=== Records for this task ===
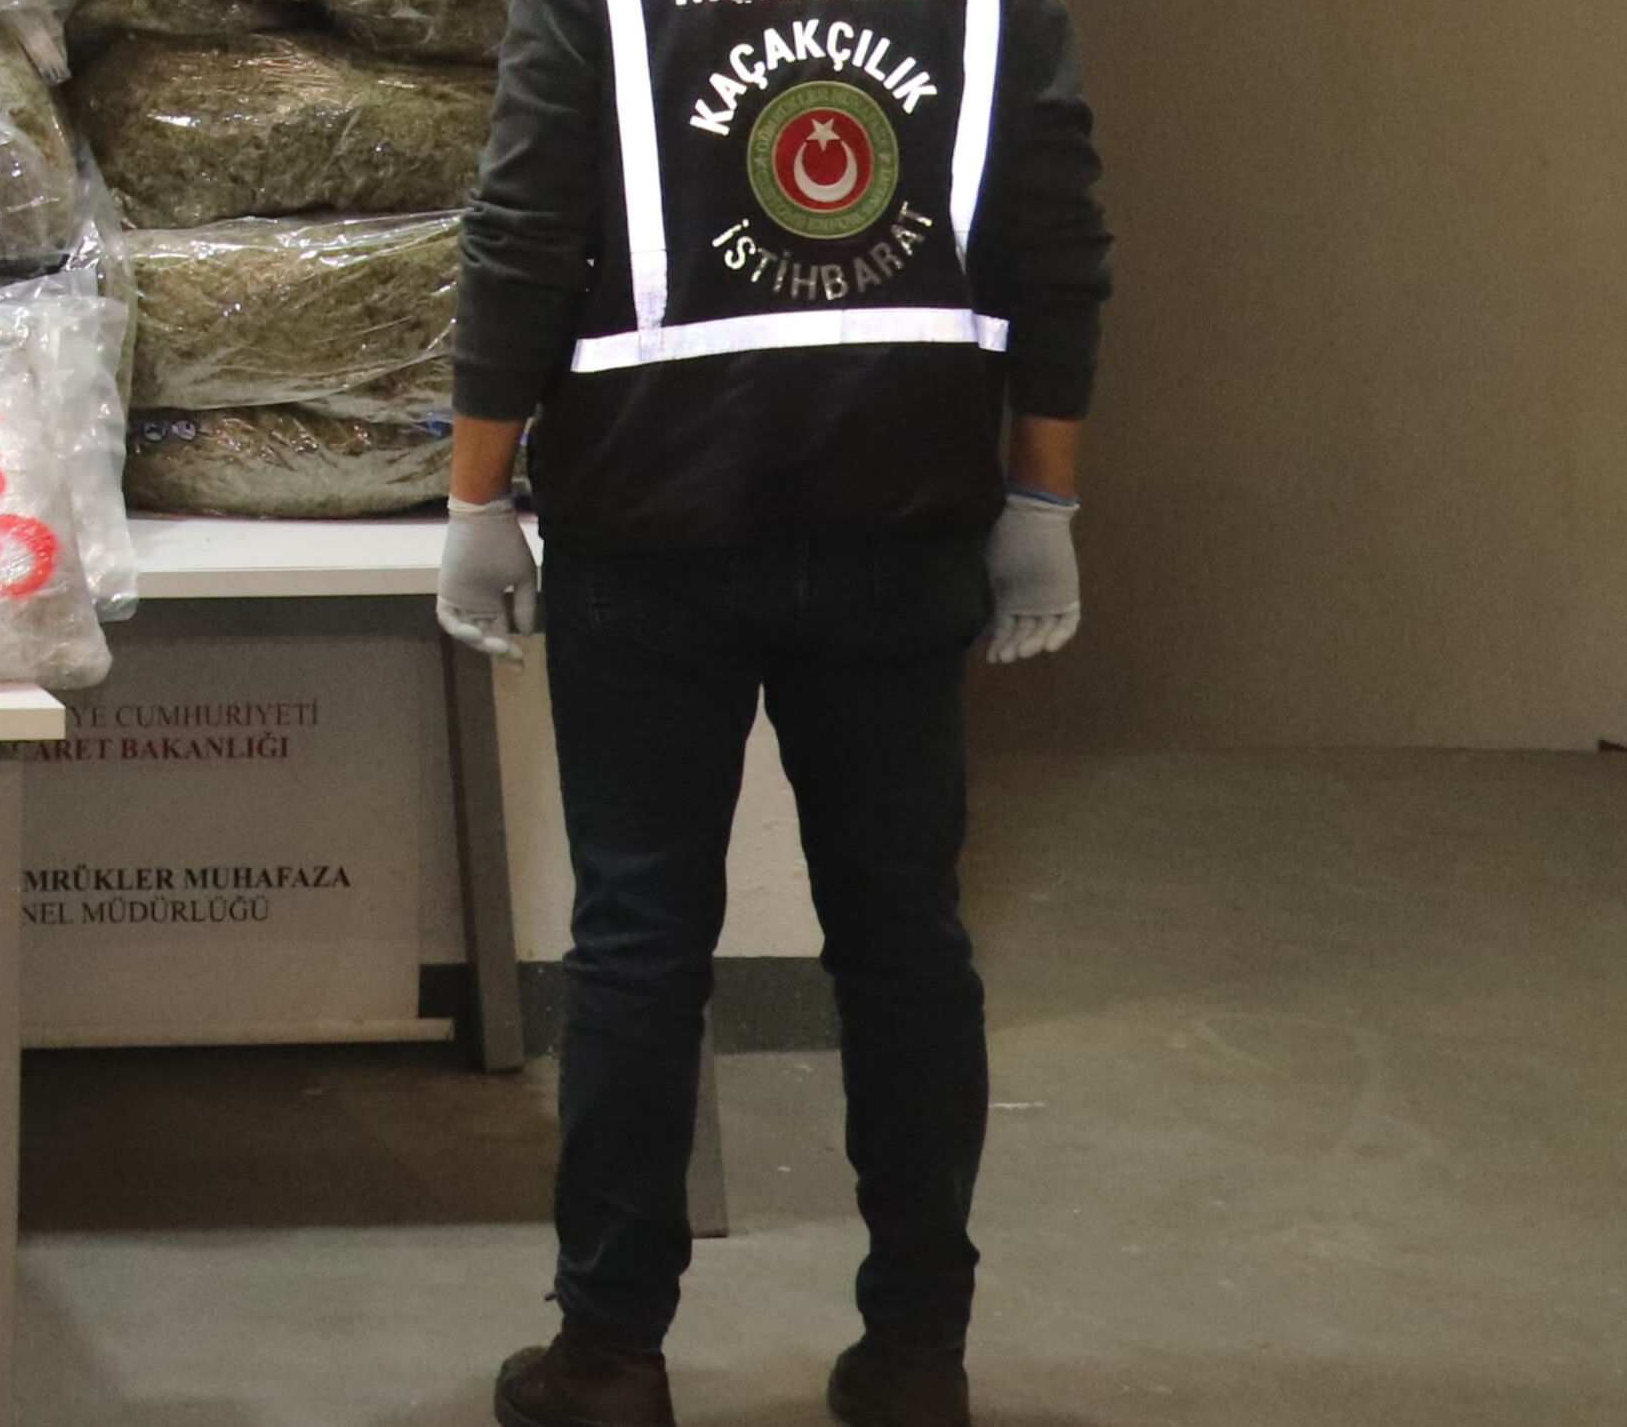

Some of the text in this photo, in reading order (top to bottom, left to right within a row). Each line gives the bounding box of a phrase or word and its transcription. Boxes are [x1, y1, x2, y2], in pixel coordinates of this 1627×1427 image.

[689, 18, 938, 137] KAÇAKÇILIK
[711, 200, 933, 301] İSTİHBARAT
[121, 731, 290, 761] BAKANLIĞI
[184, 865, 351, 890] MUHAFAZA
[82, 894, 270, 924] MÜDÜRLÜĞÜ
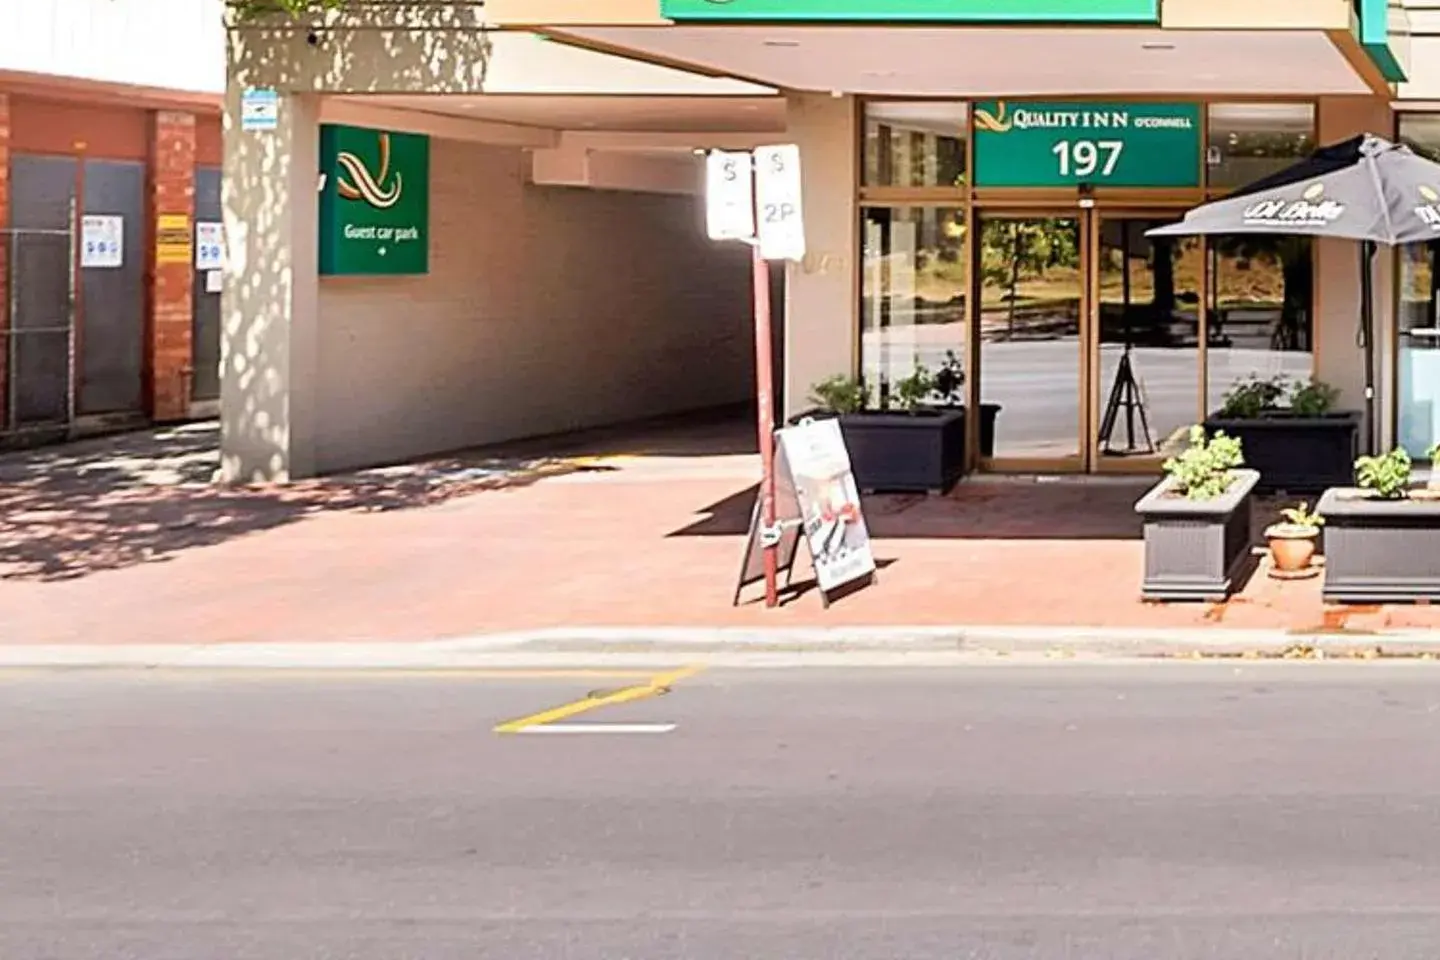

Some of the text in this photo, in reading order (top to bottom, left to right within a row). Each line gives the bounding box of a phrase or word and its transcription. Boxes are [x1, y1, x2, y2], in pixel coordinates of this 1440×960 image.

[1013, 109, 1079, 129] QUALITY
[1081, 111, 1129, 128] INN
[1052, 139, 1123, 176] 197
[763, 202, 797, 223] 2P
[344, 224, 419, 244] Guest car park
===
Task to complete: Repeat the listing verbatim. Skip the pictures.

Finished task:
Some of the text in this photo, in reading order (top to bottom, left to right within a row). Each line gives the bounding box of a phrase or word and its transcription. Boxes are [x1, y1, x2, y2], in pixel coordinates of this 1627×1427 image.

[689, 18, 938, 137] KAÇAKÇILIK
[711, 200, 933, 301] İSTİHBARAT
[121, 731, 290, 761] BAKANLIĞI
[184, 865, 351, 890] MUHAFAZA
[82, 894, 270, 924] MÜDÜRLÜĞÜ

Some of the text in this photo, in reading order (top to bottom, left to right within a row). Each line gives the bounding box of a phrase or word and its transcription. Boxes are [x1, y1, x2, y2], in pixel coordinates of this 1440×960 image.

[1013, 109, 1079, 129] QUALITY
[1081, 111, 1129, 128] INN
[1052, 139, 1123, 176] 197
[763, 202, 797, 223] 2P
[344, 224, 419, 244] Guest car park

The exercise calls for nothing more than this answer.